*What the exercise asks*: Output all of the records exactly as written.

Referring expression grounding data
**********

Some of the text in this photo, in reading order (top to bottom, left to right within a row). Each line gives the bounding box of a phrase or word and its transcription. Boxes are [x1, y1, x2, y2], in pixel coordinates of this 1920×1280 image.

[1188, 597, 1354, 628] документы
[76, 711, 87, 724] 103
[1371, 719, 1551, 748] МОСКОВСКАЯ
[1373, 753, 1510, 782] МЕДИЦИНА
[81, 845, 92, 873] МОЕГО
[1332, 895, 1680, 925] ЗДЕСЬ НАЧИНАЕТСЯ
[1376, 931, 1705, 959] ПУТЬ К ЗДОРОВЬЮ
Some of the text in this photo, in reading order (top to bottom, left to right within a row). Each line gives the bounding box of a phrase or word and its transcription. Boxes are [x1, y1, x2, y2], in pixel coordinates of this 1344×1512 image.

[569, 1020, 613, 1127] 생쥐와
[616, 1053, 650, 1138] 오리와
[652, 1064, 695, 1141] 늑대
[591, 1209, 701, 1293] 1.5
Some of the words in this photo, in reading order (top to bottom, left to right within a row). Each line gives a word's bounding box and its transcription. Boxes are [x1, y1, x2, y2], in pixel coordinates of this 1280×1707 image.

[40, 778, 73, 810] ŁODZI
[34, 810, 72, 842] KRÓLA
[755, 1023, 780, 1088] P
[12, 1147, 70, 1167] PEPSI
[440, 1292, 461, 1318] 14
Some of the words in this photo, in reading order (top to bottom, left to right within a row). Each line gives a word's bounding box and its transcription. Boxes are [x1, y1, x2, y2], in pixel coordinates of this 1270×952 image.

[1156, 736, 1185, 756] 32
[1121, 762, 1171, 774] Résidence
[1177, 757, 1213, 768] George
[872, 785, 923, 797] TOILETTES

**********

*Task result*:
Some of the text in this photo, in reading order (top to bottom, left to right within a row). Each line gives the bounding box of a phrase or word and its transcription. Boxes are [x1, y1, x2, y2], in pixel coordinates of this 1920×1280 image.

[1188, 597, 1354, 628] документы
[76, 711, 87, 724] 103
[1371, 719, 1551, 748] МОСКОВСКАЯ
[1373, 753, 1510, 782] МЕДИЦИНА
[81, 845, 92, 873] МОЕГО
[1332, 895, 1680, 925] ЗДЕСЬ НАЧИНАЕТСЯ
[1376, 931, 1705, 959] ПУТЬ К ЗДОРОВЬЮ
Some of the text in this photo, in reading order (top to bottom, left to right within a row). Each line gives the bounding box of a phrase or word and its transcription. Boxes are [x1, y1, x2, y2], in pixel coordinates of this 1344×1512 image.

[569, 1020, 613, 1127] 생쥐와
[616, 1053, 650, 1138] 오리와
[652, 1064, 695, 1141] 늑대
[591, 1209, 701, 1293] 1.5
Some of the words in this photo, in reading order (top to bottom, left to right within a row). Each line gives a word's bounding box and its transcription. Boxes are [x1, y1, x2, y2], in pixel coordinates of this 1280×1707 image.

[40, 778, 73, 810] ŁODZI
[34, 810, 72, 842] KRÓLA
[755, 1023, 780, 1088] P
[12, 1147, 70, 1167] PEPSI
[440, 1292, 461, 1318] 14
Some of the words in this photo, in reading order (top to bottom, left to right within a row). Each line gives a word's bounding box and its transcription. Boxes are [x1, y1, x2, y2], in pixel coordinates of this 1270×952 image.

[1156, 736, 1185, 756] 32
[1121, 762, 1171, 774] Résidence
[1177, 757, 1213, 768] George
[872, 785, 923, 797] TOILETTES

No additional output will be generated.